SIN is an unfashionable word. But waging war is a terrible sin. And those who get excited when they see it on television are also committing crimes. It’s not a game and I can’t watch.
I hate it when people give my kids a toy gun. I throw them out when no one is looking. However, I admire the military’s codes of honor, take pride in Ireland’s UN peacekeeping operations, and know that if the Russians show up, stand and fight, it’s a moral imperative. .
Or is it?
For pacifists, a just war like this puts their faith to a difficult test. Recently, I discovered that family ties are rigorously tested by peaceful principles.
In January, my parents and I attended the funeral of our cousin, former UCD classicist Mary Brennan. Mary’s mother is my grandmother, Molly Nugent, and her father is Sean, one of the smart Brennans from Bandon.
Sean’s brother Joseph was a Cambridge economist who advised Michael Collins on Free State economics and became secretary of the Treasury and governor of the Central Bank.
At lunch after the funeral, I was sitting with a lovely English woman who introduced herself as Cath Attlee.
“What’s wrong with Clement?” I say.
I couldn’t believe it when she said, “Yes, he is my grandfather. My grandfather is Tom Attlee, his brother. ”
I’m glad I went to that funeral.
It turns out that Cath’s mother, Peggy, is the daughter of Jerry Brennan, another brother of Joe and Sean. Sadly, Peggy was born 4 months after Jerry died in World War I.

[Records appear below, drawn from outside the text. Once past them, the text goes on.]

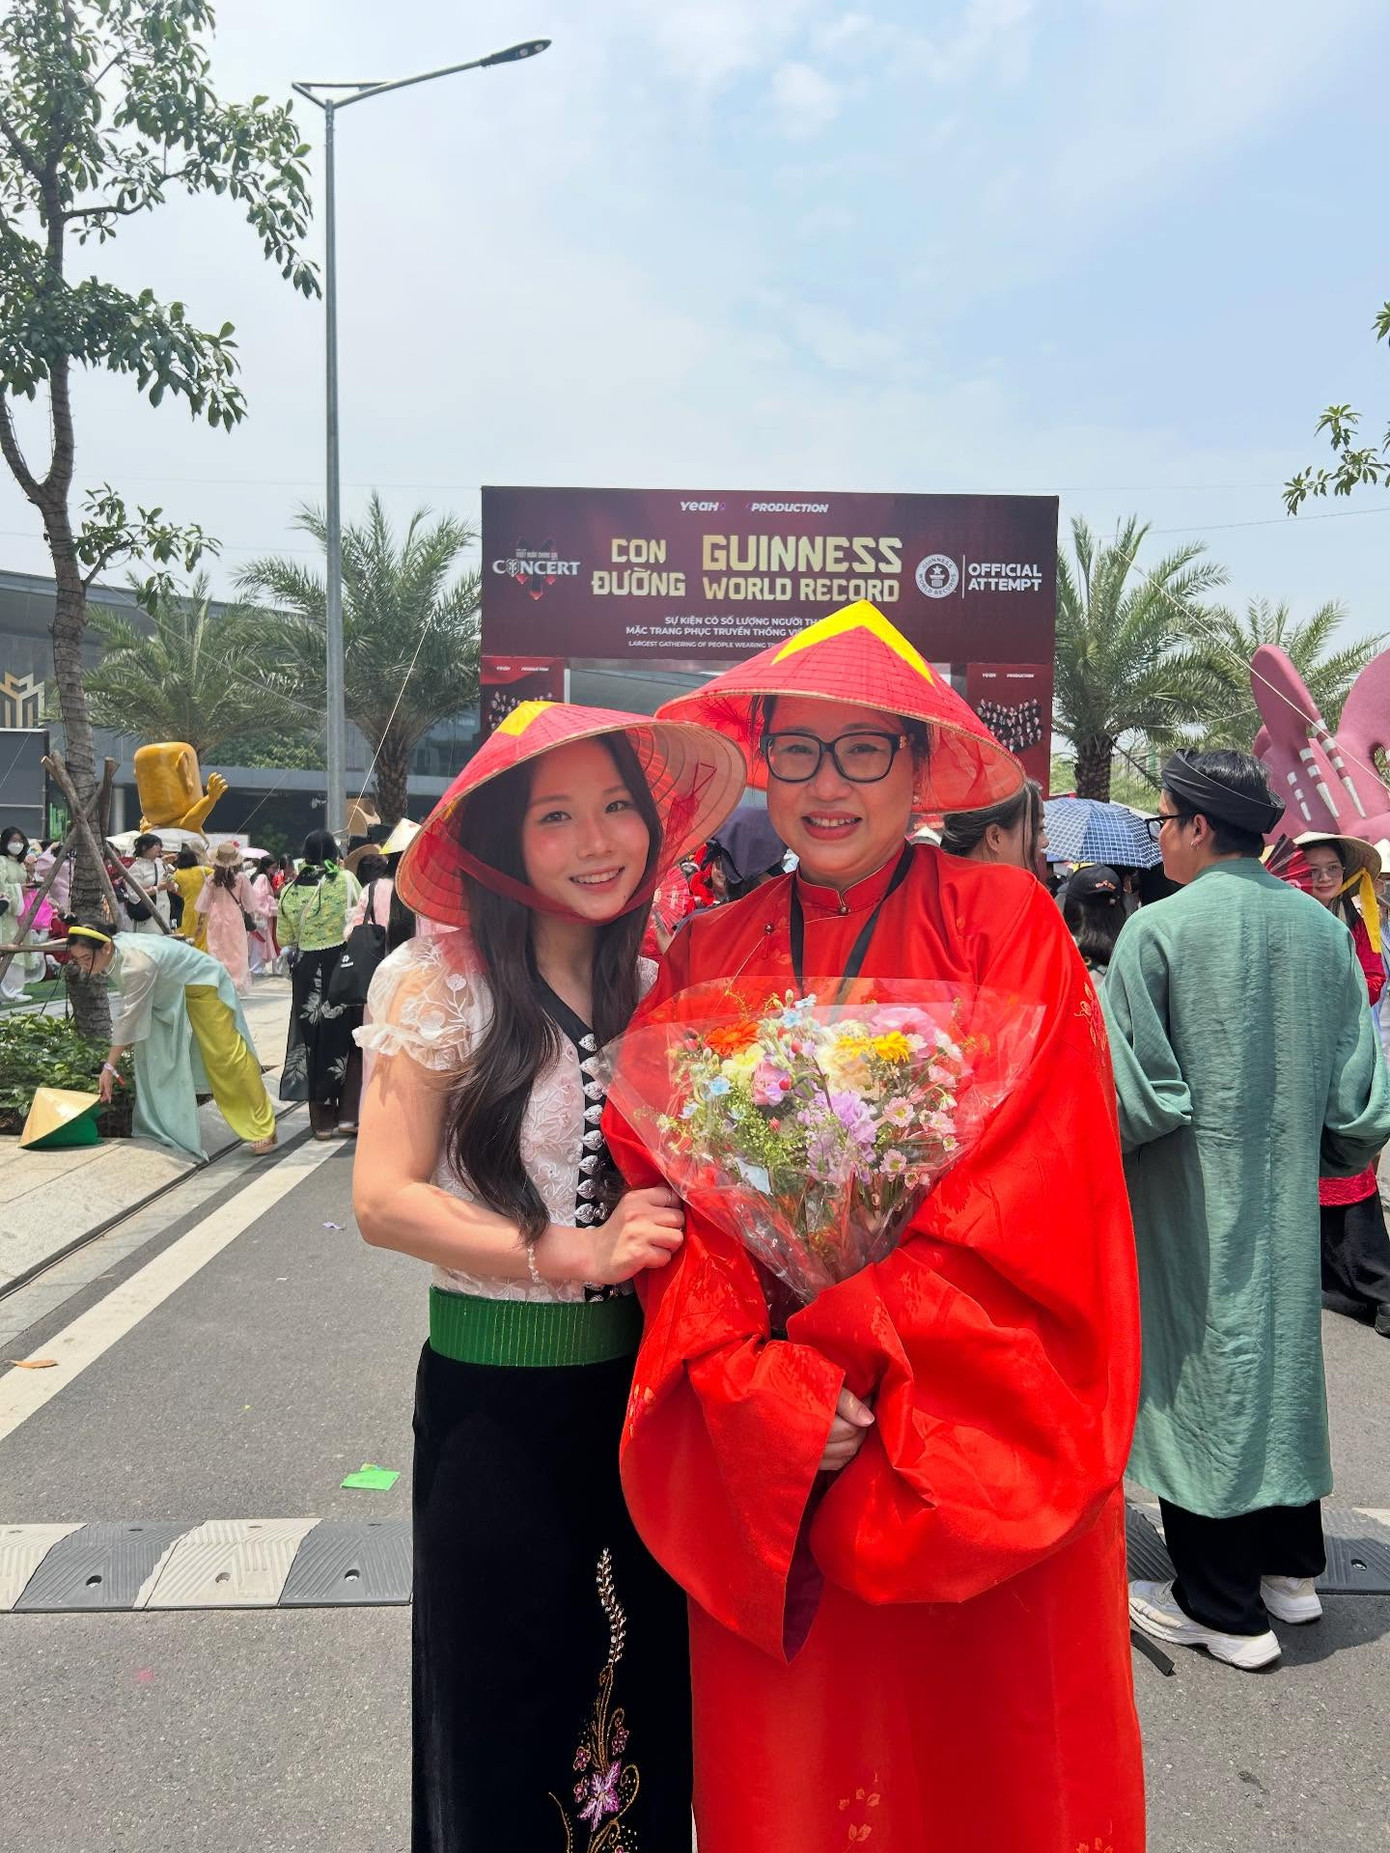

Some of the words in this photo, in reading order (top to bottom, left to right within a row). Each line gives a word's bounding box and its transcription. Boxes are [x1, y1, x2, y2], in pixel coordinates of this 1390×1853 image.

[751, 502, 829, 513] PRODUCTION
[611, 538, 667, 564] CON
[702, 534, 903, 574] GUINNESS
[968, 562, 1042, 577] OFFICIAL
[591, 567, 686, 597] ĐƯỜNG
[702, 576, 792, 601] WORLD
[800, 577, 900, 602] RECORD
[968, 577, 1042, 592] ATTEMPT
[664, 615, 679, 626] SỰ
[649, 626, 683, 635] TRANG
[684, 627, 711, 637] PHỤC
[628, 640, 658, 648] LARGEST
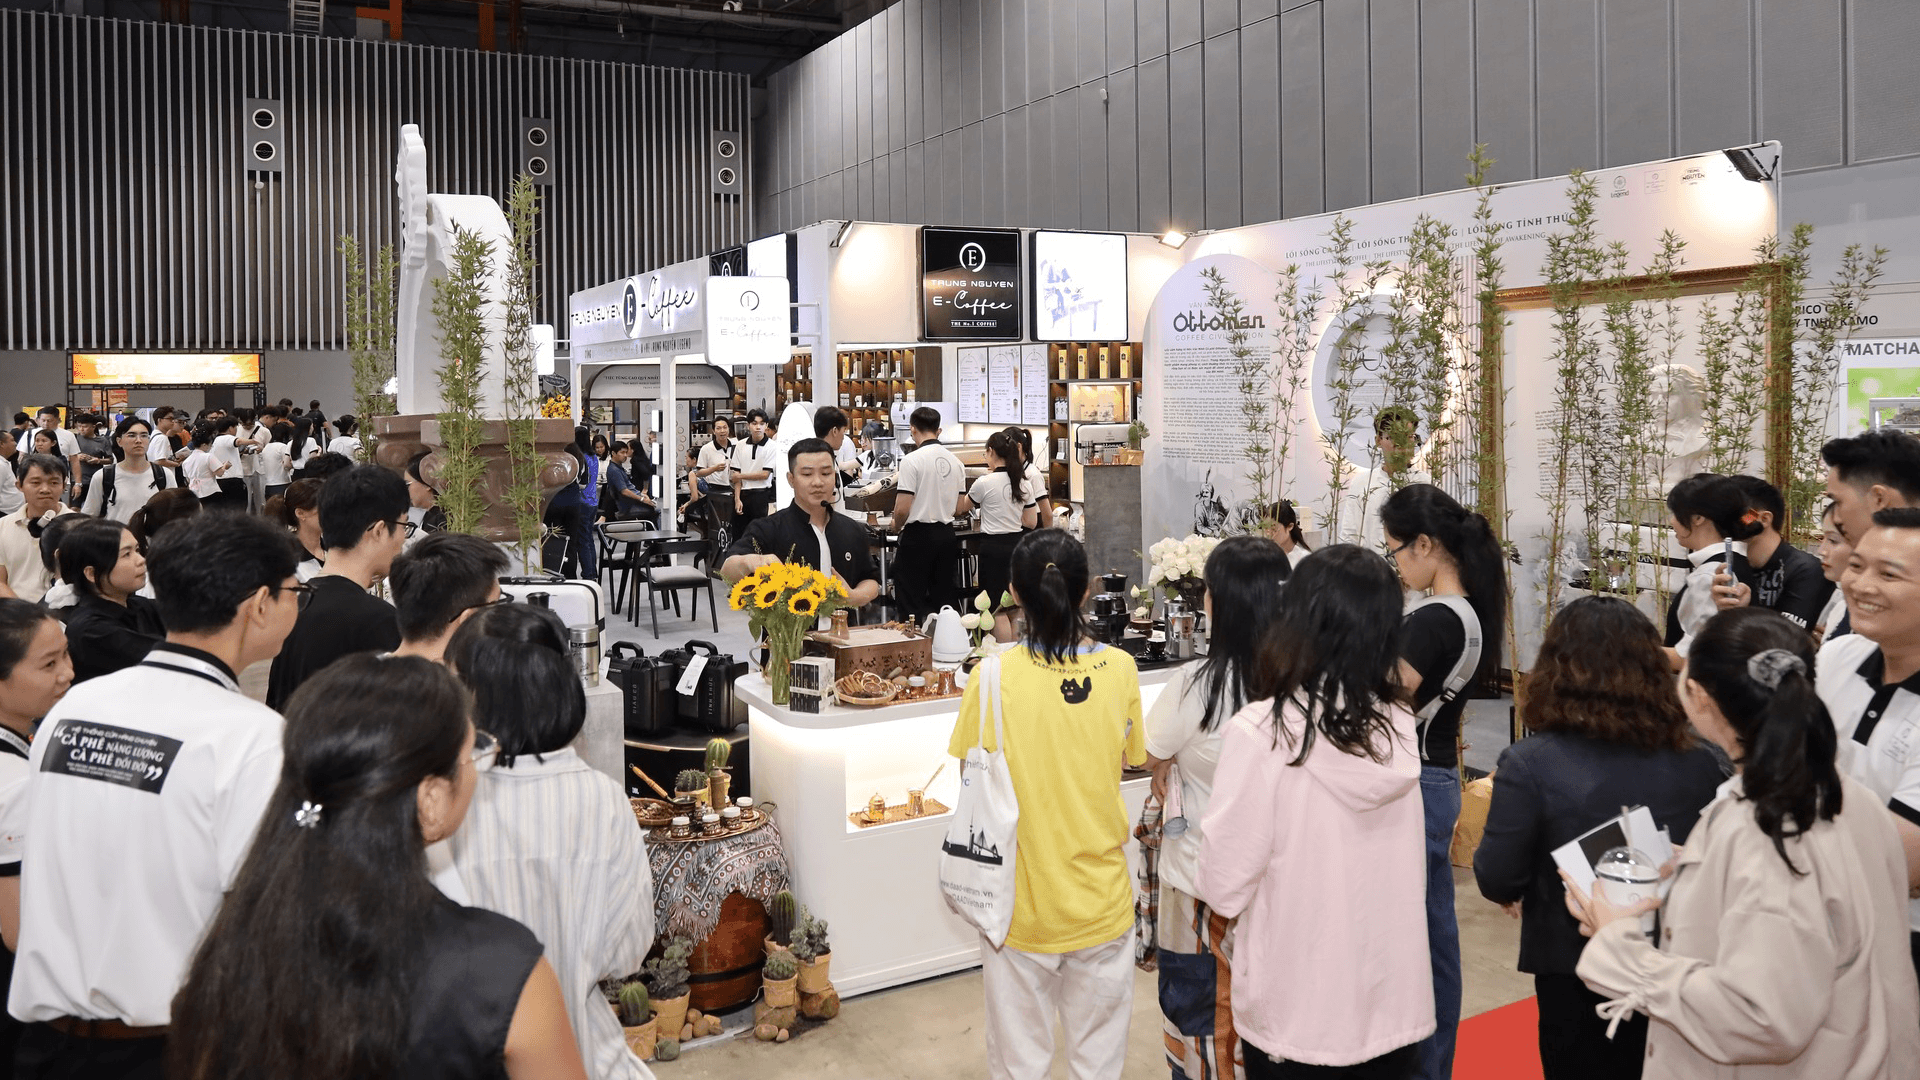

But she had a Brennan brain and earned her famous PPE – Philosophy, Politics and Economics – at Oxford, where she met Patrick Attlee, Tom’s son. They married in 1941 when Patrick was on leave from the army, injured, and evacuated from Dunkirk.
Peggy, who died in 2018 at the age of 99, became a British Labor councilor. With her father killed in one war and her husband narrowly escaping death in another, she was an ardent pacifist. Cath was also an active member of the British Labor Party, belonging to the Corbynite wing.
Tom Attlee must have inspired Peggy, for while Clement fought on the eastern front in World War I, Tom was imprisoned as a conscientious objector.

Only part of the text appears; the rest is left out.